A few weeks ago, Adobe announced that hackers had broken into their database and stolen 3MM passwords and other customer identifiable data. Then reports surfaced that it was 10MM. Then 38MM. Latest reports say it may be as high as 150MM. That would be one of the largest data thefts ever, by number of customers compromised, certainly in excess of the 45MM in the infamous TJ Maxx / TJX case from six years ago.
Sophos, the security company, released a detailed analysis – based on publicly accessible data – of the Adobe breach. For those who understand cybersecurity and encryption, it is a good read.

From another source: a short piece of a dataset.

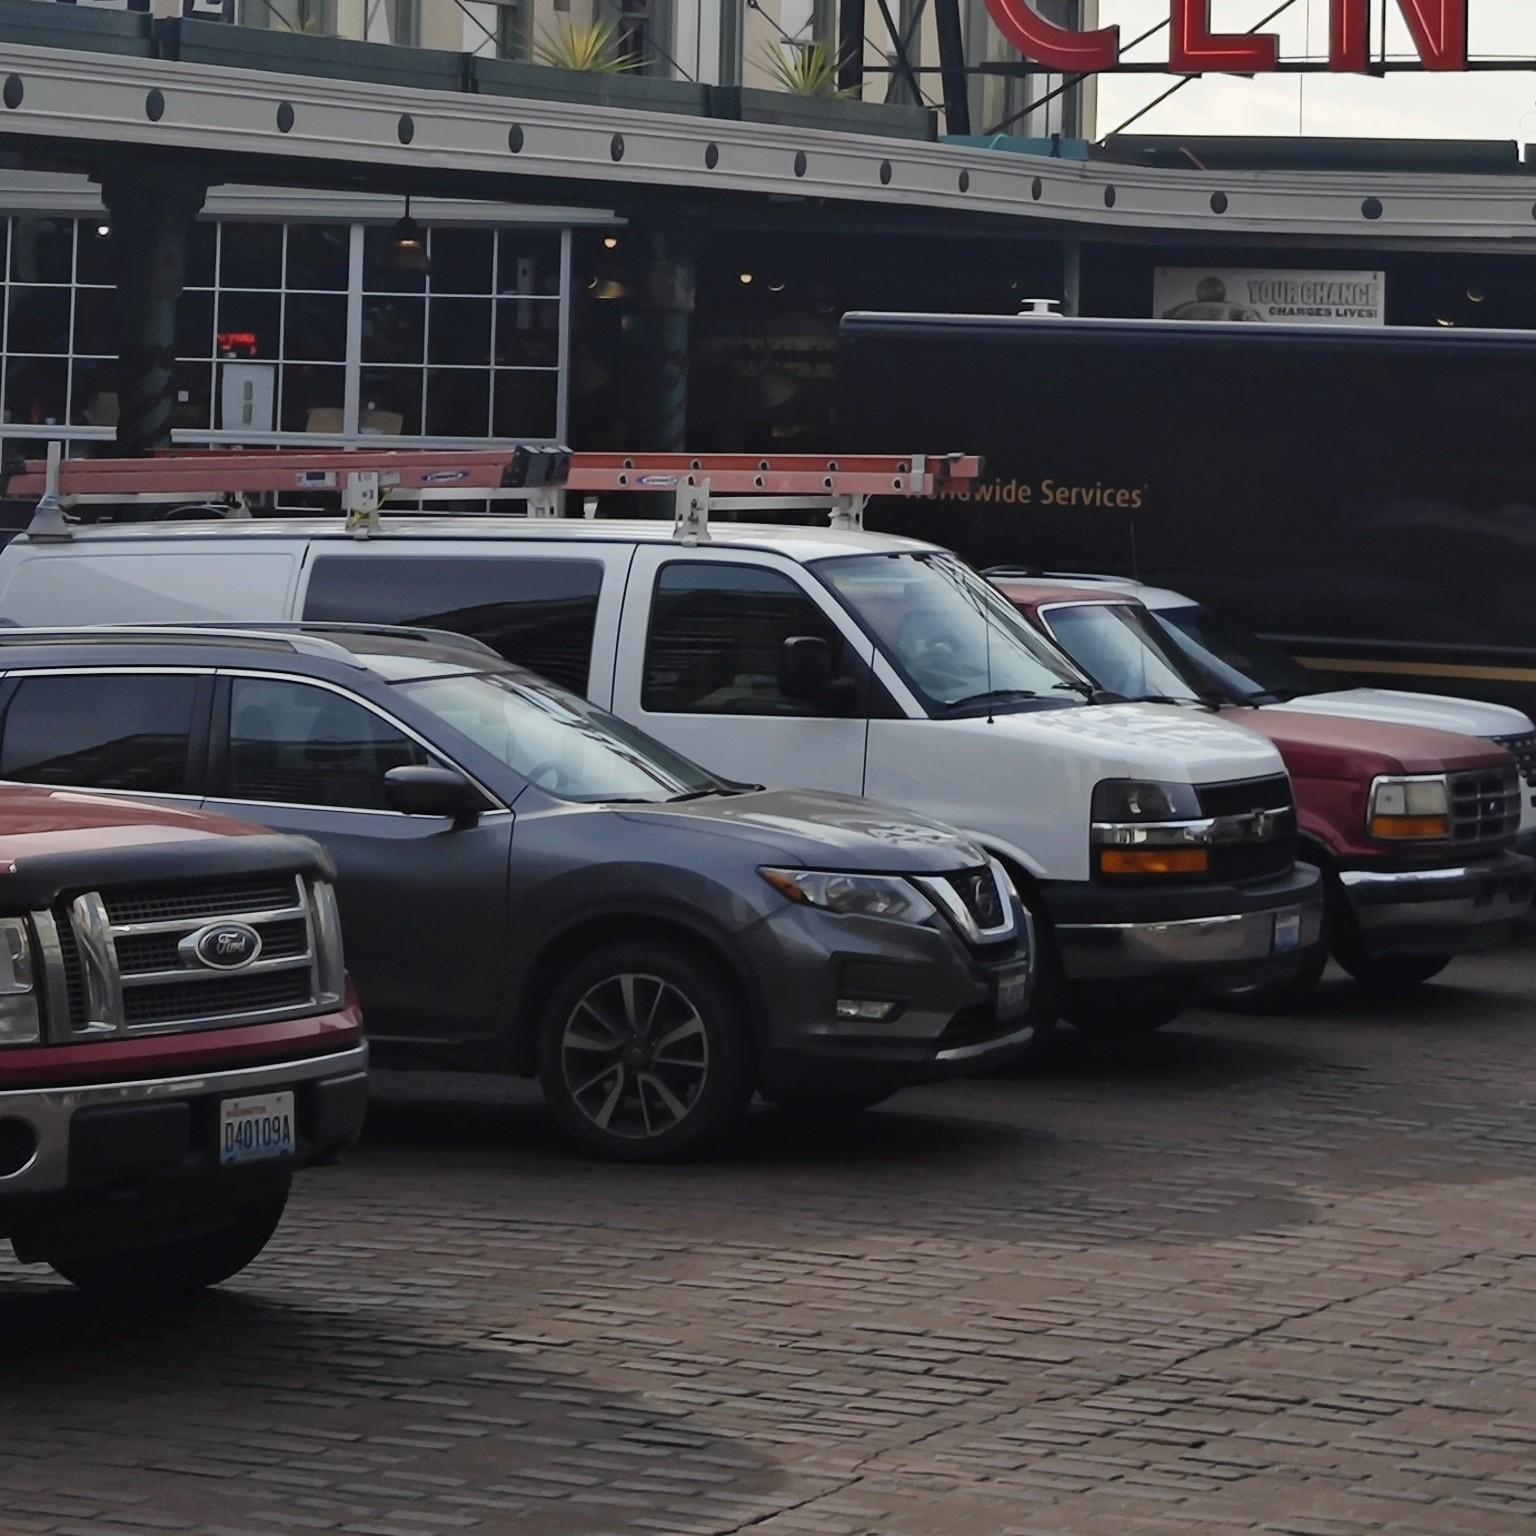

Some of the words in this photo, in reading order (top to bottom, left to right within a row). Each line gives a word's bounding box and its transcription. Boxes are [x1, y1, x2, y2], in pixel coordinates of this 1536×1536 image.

For those who do not want to delve in depth, let’s summarize:
- Adobe needed to store passwords (like most Web sites).
- Adobe knew it couldn’t just store the passwords as is, because if someone broke in – or a disgruntled employee dumped them, or bad code spilled them – they could break into customer accounts.
- Adobe said, “hey, encrypted stuff cannot be read; let’s encrypt them.”
- Adobe encrypted them.
- Adobe didn’t bother asking (let alone hiring) people who actually understand how encryption and password stealing works, so they could see if their encryption does any good.
- Hackers did, indeed, steal the entire (encrypted) password set, and then proceeded to crack the passwords.
Earlier, I argued that despite the unglorified work that they do – and the fact that it does not directly contribute to short-term sales, which most CEOs are focused on – you need to spend good money on “plumbers”, the men and women who make sure that the parts of your infrastructure that need to work, do so.
In the case of Knight Capital, it was around good testing and architecture.
In the case of Adobe, it was around security architects and operations personnel.
I have no doubt that not spending money on highly talented security personnel saved Adobe up to $1MM per year for several years, money that went to the bottom line, and that would not have increased revenue by even one dollar had it been spent.
I also have no doubt that the cost of this breach will be far in excess of the few million dollars saved. Around the time of the TJX fiasco, estimates were that each breached customer would cost them $100. While that was for credit card data, and it is unclear if any such has been stolen as of yet from Adobe, even the lowest estimate of 3MM customers would be $300MM. At the same time, that $100 does not include the biggest cost of all: trust. Adobe will have a very hard time getting people to give them their details – and thus become a customer – going forward.
As someone commented on the Sophos article, the ones who look smartest now are those who pirated Adobe software and avoided giving Adobe their details.
Plumbers are expensive. But without them, the whole house will smell.